**What to work on:** With the pictures excluded, reproduce all of the data exactly.

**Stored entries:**
·····

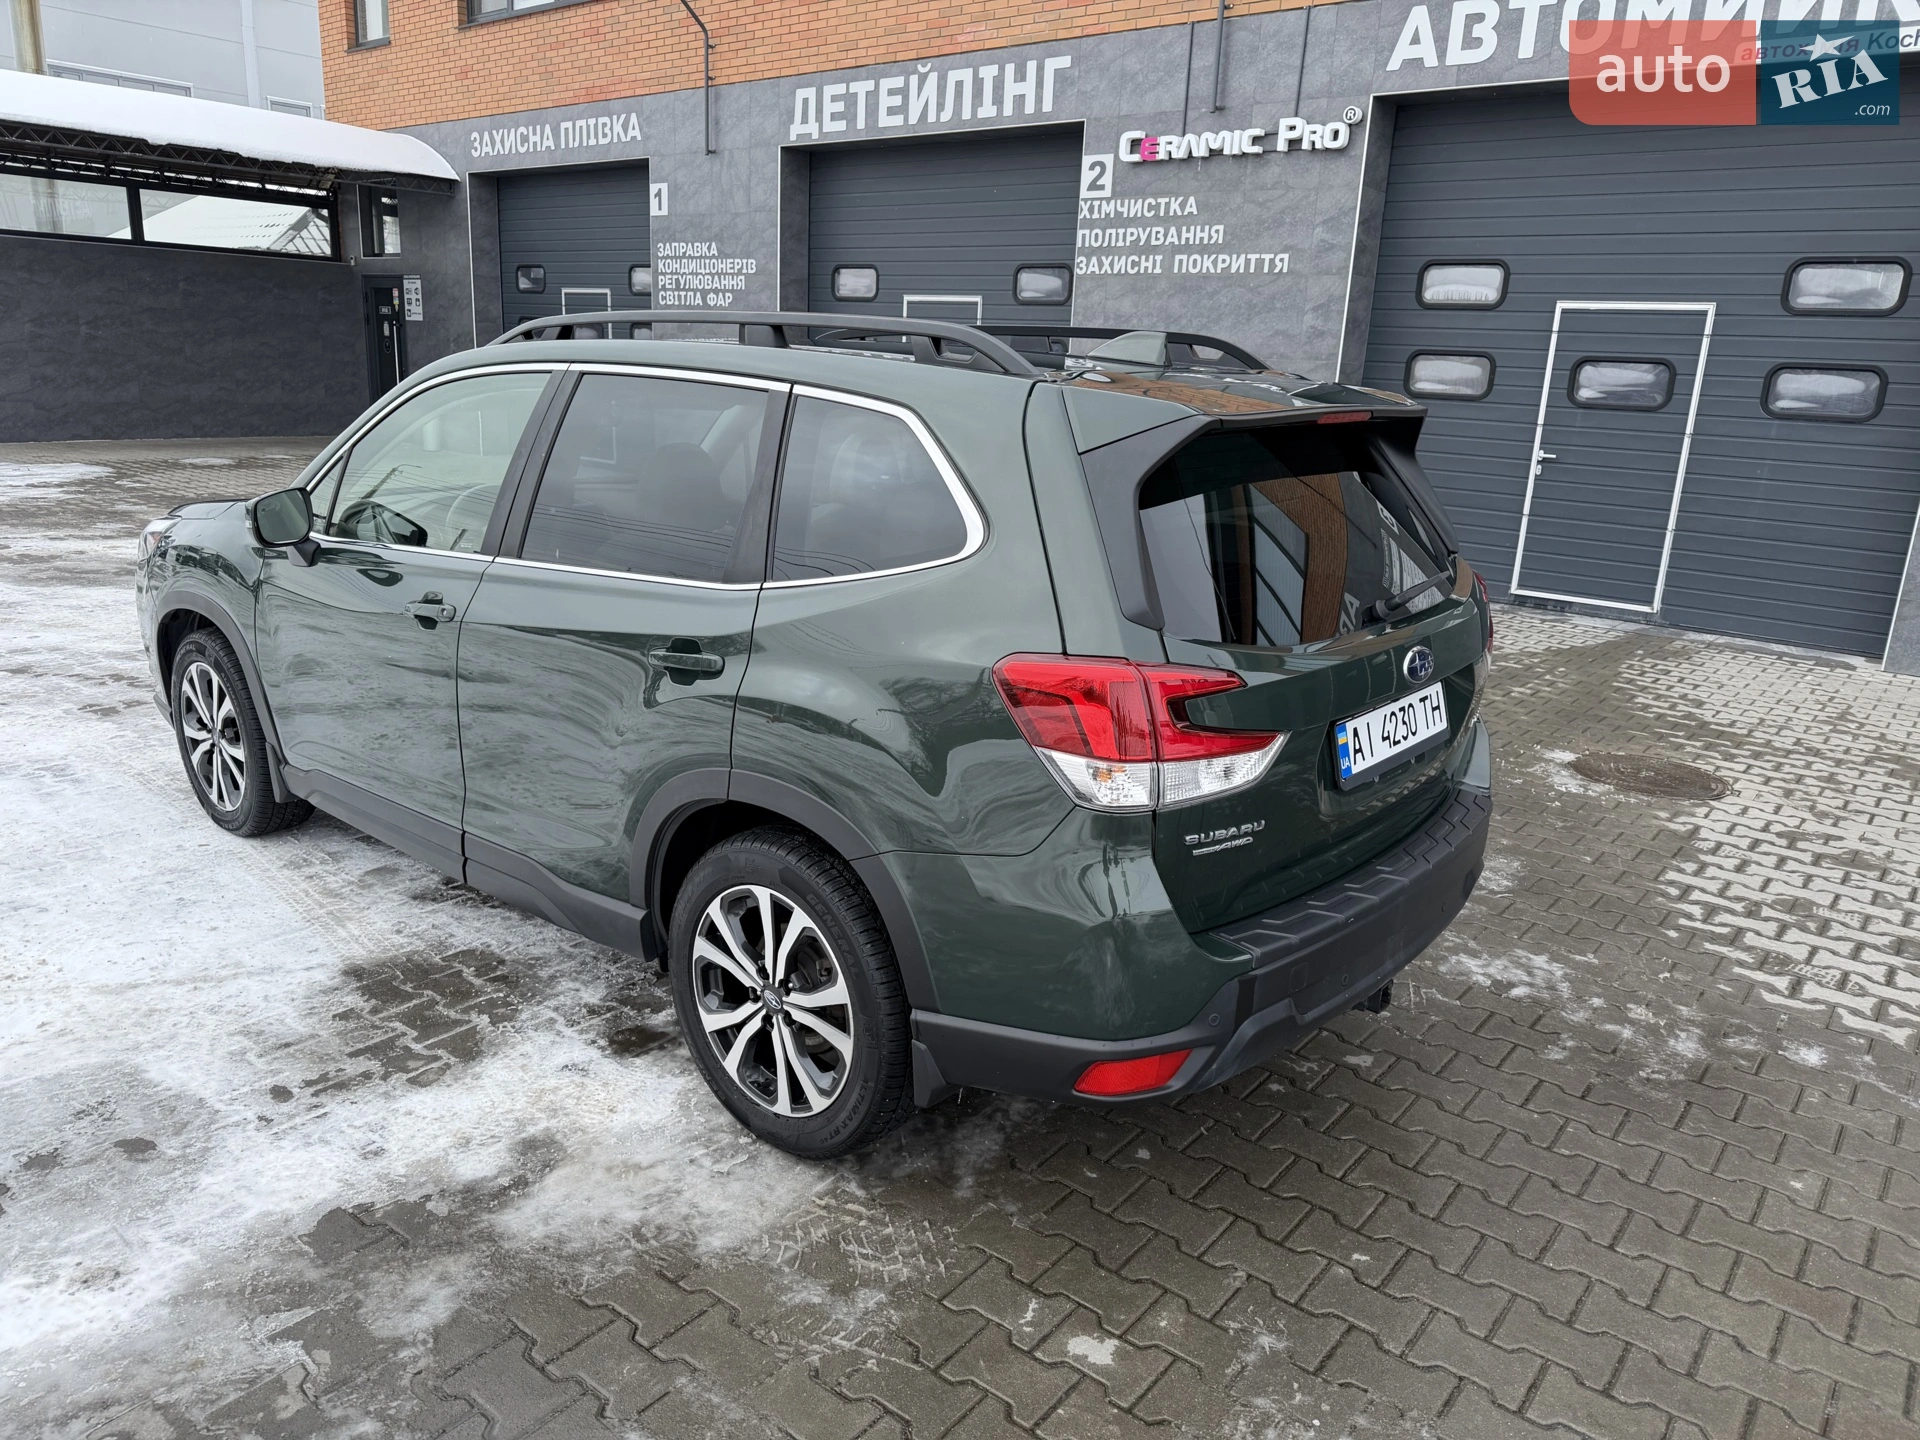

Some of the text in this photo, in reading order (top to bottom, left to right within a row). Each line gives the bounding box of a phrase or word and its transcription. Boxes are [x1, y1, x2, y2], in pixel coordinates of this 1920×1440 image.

[789, 55, 1072, 142] ДЕТЕЙЛІНГ
[470, 112, 642, 158] ЗАХИСНА ПЛІВКА
[1086, 160, 1107, 193] 2
[653, 187, 663, 212] 1
[1079, 196, 1198, 220] ХІМЧИСТКА
[1077, 224, 1225, 248] ПОЛІРУВАННЯ
[657, 241, 718, 257] ЗАПРАВКА
[658, 258, 757, 275] КОНДИЦІОНЕРІВ
[1075, 253, 1290, 275] ЗАХИСНІ ПОКРИТТЯ
[658, 274, 745, 290] РЕГУЛЮВАННЯ
[658, 291, 733, 307] СВІТЛА ФАР
[1352, 690, 1443, 766] AI 4230 TH
[1340, 756, 1351, 770] UA
[1184, 819, 1266, 846] SUBARU

·····

**Answer section:**
Some of the text in this photo, in reading order (top to bottom, left to right within a row). Each line gives the bounding box of a phrase or word and its transcription. Boxes are [x1, y1, x2, y2], in pixel coordinates of this 1920×1440 image.

[789, 55, 1072, 142] ДЕТЕЙЛІНГ
[470, 112, 642, 158] ЗАХИСНА ПЛІВКА
[1086, 160, 1107, 193] 2
[653, 187, 663, 212] 1
[1079, 196, 1198, 220] ХІМЧИСТКА
[1077, 224, 1225, 248] ПОЛІРУВАННЯ
[657, 241, 718, 257] ЗАПРАВКА
[658, 258, 757, 275] КОНДИЦІОНЕРІВ
[1075, 253, 1290, 275] ЗАХИСНІ ПОКРИТТЯ
[658, 274, 745, 290] РЕГУЛЮВАННЯ
[658, 291, 733, 307] СВІТЛА ФАР
[1352, 690, 1443, 766] AI 4230 TH
[1340, 756, 1351, 770] UA
[1184, 819, 1266, 846] SUBARU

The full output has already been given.